SOURCE MATERIAL START

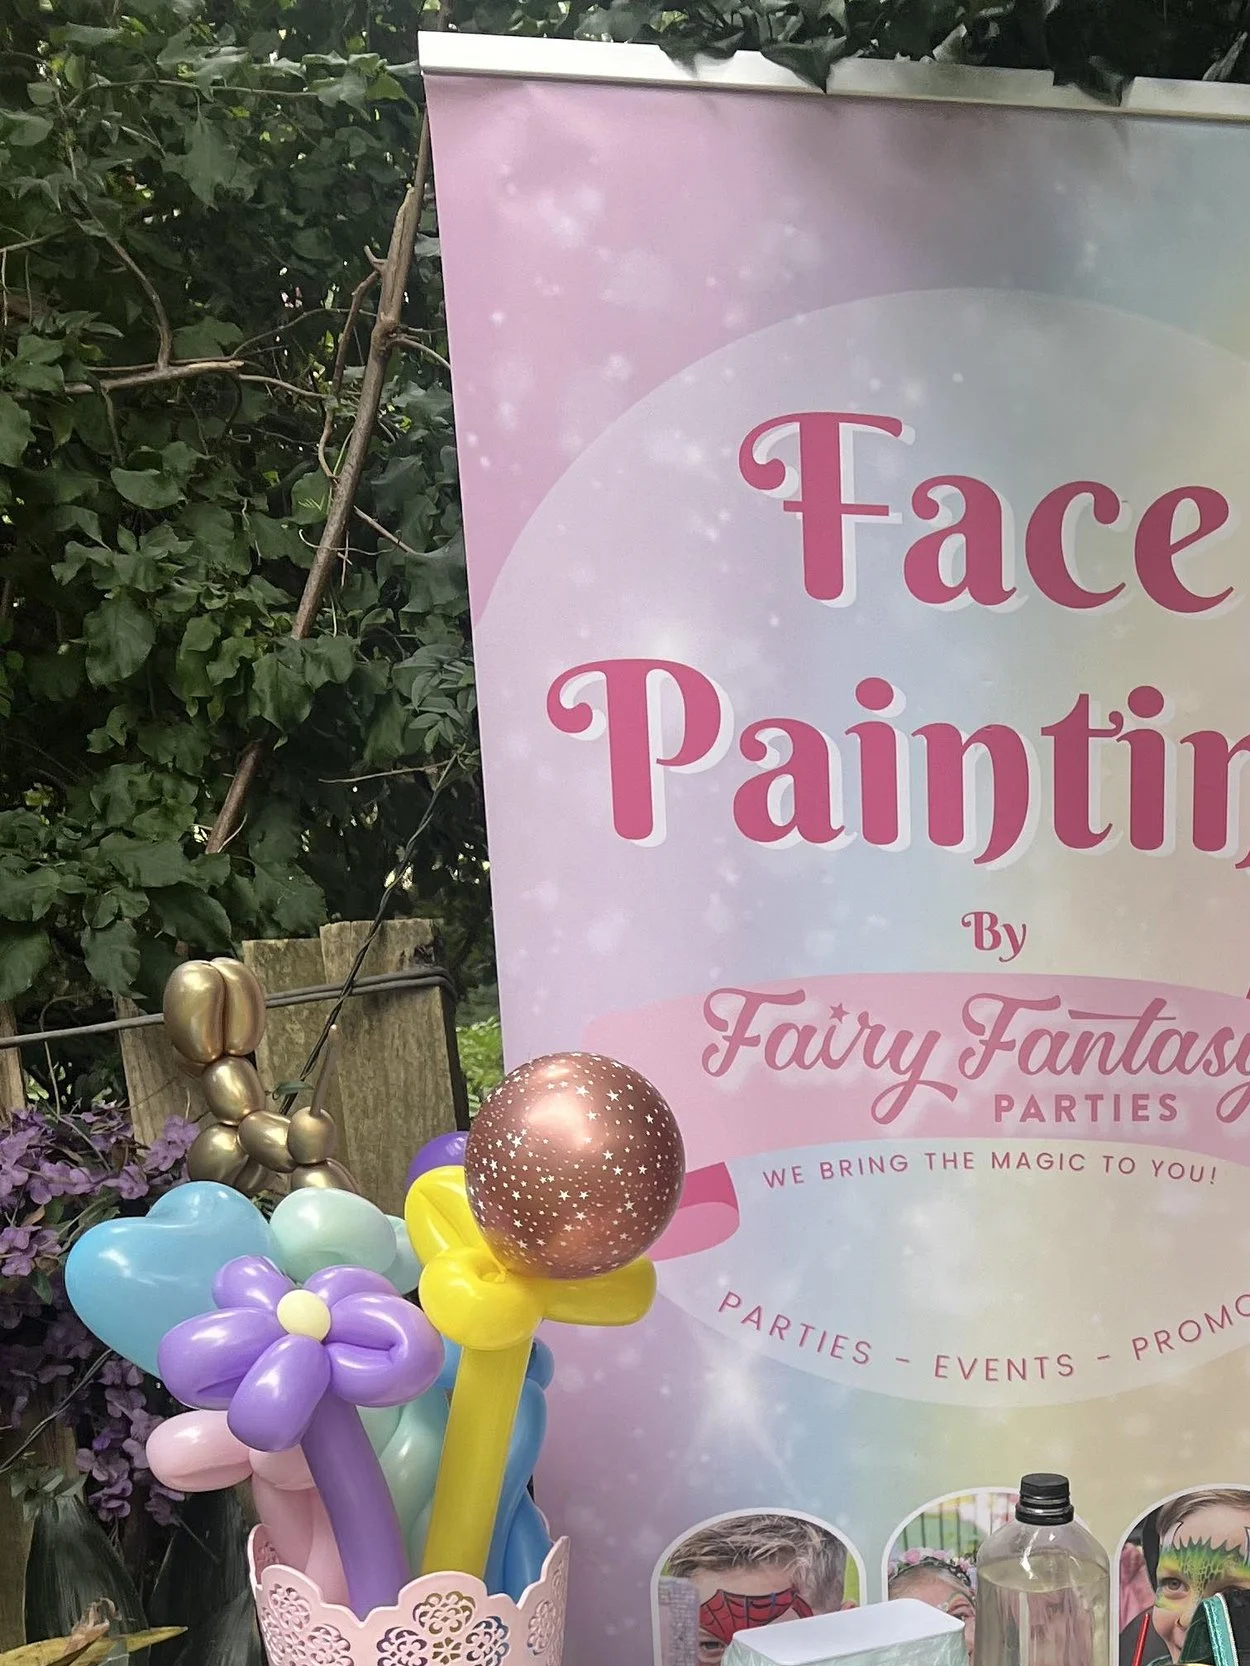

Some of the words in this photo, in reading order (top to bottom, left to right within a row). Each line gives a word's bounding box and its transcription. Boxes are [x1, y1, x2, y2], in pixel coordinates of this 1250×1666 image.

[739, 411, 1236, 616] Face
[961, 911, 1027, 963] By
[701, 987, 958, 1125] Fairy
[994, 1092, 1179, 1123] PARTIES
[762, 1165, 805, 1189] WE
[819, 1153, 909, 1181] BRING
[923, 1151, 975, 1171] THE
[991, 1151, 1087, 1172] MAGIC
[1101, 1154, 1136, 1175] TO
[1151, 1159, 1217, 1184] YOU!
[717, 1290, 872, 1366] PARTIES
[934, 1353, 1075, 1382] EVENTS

SOURCE MATERIAL END

EXERCISE ▸
Every line above needs to be written out again as it stands. Pictures do not belong in the copy.

TASK RESPONSE ▸
Some of the words in this photo, in reading order (top to bottom, left to right within a row). Each line gives a word's bounding box and its transcription. Boxes are [x1, y1, x2, y2], in pixel coordinates of this 1250×1666 image.

[739, 411, 1236, 616] Face
[961, 911, 1027, 963] By
[701, 987, 958, 1125] Fairy
[994, 1092, 1179, 1123] PARTIES
[762, 1165, 805, 1189] WE
[819, 1153, 909, 1181] BRING
[923, 1151, 975, 1171] THE
[991, 1151, 1087, 1172] MAGIC
[1101, 1154, 1136, 1175] TO
[1151, 1159, 1217, 1184] YOU!
[717, 1290, 872, 1366] PARTIES
[934, 1353, 1075, 1382] EVENTS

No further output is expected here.